閑話:魔物調査2
短いですがどうぞ!
僕は睨み合ってる地竜に歩み寄っていった
いきなり現れた僕に、地竜共は唸り声を上げて威嚇してくるが、無視して警告を告げる。
「今すぐに森から出ていけば、見逃してあげる。
それが出来ないのならば、僕の手でお前たちの存在を消す。」
本気の殺気を出しながら言った言葉に、番の2匹は気圧されたように後退ったが、2匹に喧嘩を吹っ掛けていた雄の地竜は
本能の恐怖よりもプライドが勝ったのだろう。僕に向けて攻撃を仕掛けてきた。
「…馬鹿なヤツだ。僕の警告を素直に聞いていれば、生き残って他の雌と子孫を残せたろうに。

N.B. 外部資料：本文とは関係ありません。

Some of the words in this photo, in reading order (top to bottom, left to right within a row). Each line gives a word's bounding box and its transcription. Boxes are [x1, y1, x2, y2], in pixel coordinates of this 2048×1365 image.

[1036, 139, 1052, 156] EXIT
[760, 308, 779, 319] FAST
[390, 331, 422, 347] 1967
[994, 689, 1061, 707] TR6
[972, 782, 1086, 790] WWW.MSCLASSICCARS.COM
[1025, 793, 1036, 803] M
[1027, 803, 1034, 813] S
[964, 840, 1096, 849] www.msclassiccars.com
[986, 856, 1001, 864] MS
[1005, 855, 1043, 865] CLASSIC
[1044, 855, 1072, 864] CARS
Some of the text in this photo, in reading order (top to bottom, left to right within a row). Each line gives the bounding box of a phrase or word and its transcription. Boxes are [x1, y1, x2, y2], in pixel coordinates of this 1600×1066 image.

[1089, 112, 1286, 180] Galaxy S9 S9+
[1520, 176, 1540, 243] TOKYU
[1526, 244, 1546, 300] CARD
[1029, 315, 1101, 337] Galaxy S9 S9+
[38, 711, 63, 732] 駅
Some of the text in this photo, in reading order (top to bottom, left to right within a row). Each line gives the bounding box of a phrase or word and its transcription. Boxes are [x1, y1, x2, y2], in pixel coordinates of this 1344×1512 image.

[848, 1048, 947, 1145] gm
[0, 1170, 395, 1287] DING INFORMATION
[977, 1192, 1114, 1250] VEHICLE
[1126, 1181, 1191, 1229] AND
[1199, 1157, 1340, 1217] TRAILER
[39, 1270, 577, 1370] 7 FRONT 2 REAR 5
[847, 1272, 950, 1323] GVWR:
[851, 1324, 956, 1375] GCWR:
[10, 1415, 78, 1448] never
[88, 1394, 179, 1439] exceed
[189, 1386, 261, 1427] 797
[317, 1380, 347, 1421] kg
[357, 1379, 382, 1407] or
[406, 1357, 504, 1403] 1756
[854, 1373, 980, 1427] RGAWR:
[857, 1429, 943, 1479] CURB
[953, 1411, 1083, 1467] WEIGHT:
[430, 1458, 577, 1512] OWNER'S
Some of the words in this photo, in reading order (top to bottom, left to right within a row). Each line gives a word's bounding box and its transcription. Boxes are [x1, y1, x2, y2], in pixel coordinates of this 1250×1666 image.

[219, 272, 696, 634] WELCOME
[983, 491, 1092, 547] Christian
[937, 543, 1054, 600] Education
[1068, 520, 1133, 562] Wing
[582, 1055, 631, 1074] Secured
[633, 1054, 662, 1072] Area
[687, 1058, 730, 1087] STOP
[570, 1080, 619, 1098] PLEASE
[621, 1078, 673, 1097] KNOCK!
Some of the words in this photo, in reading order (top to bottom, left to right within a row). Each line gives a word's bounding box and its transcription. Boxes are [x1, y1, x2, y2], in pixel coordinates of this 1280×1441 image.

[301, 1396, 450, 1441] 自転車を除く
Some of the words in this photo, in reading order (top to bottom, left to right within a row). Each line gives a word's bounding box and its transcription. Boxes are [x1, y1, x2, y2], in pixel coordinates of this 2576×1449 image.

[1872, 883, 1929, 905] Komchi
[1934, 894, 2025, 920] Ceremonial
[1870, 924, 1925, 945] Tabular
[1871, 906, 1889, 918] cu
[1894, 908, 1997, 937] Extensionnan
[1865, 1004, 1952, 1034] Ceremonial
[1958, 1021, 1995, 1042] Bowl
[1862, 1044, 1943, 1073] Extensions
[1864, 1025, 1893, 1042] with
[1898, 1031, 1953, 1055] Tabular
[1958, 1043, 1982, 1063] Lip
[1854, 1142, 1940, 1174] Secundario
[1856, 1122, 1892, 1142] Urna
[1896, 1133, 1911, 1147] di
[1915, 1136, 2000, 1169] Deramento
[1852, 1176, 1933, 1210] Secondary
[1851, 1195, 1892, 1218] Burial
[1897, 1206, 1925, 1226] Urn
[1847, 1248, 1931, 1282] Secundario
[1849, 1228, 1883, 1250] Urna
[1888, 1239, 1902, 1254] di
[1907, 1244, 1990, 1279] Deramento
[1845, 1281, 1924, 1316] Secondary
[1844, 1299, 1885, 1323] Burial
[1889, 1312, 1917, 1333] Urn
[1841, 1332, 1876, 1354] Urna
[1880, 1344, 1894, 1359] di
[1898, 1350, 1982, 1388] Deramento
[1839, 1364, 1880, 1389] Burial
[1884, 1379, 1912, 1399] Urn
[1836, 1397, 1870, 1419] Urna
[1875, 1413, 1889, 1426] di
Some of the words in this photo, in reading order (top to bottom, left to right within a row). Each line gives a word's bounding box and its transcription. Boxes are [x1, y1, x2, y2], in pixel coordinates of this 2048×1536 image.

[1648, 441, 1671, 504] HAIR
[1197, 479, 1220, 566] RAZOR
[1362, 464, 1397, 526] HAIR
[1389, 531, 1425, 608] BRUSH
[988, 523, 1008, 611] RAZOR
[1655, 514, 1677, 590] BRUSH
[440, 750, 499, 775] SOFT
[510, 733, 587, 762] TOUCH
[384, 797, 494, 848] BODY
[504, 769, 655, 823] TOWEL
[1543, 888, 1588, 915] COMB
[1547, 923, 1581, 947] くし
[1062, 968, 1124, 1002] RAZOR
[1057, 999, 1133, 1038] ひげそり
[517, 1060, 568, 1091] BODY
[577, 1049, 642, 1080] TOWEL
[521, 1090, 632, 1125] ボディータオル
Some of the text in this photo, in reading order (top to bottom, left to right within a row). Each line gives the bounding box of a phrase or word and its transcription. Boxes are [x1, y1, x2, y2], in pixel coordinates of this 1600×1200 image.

だけど、この選択をしたのは君だ。だから僕は容赦はしない。」
そう独り言を呟いている間にも、身体は迎撃の準備をしている。
地竜が様子見に放った前肢での攻撃を、受け流してそのまま先ずは脚の健を切り裂き、一時的に機動力を奪った。
その勢いのまま地竜の死角に入り首を切り落とした。
切り落とされた首が番の地竜の方に転がり、同族の成れの果てを見た2匹は急いで逃げていった。
一応、眷属で何処まで行くか追わせる。後で戻って来られても面倒だから。
「…はぁ。本能に従わないといけない場合もあるのに。
さて、たかがBランクの魔物だけど、素材は無いよりいいから剥ぎ取るか…。」
ゴルドフさんやグアルティネッサたちなら、あの規模のゴブリン共に遅れは取らないだろうけど、念のために眷属に監視させる。
いつでも介入出来るようにしながら、僕は地竜の素材を剥ぎ取りにかかる。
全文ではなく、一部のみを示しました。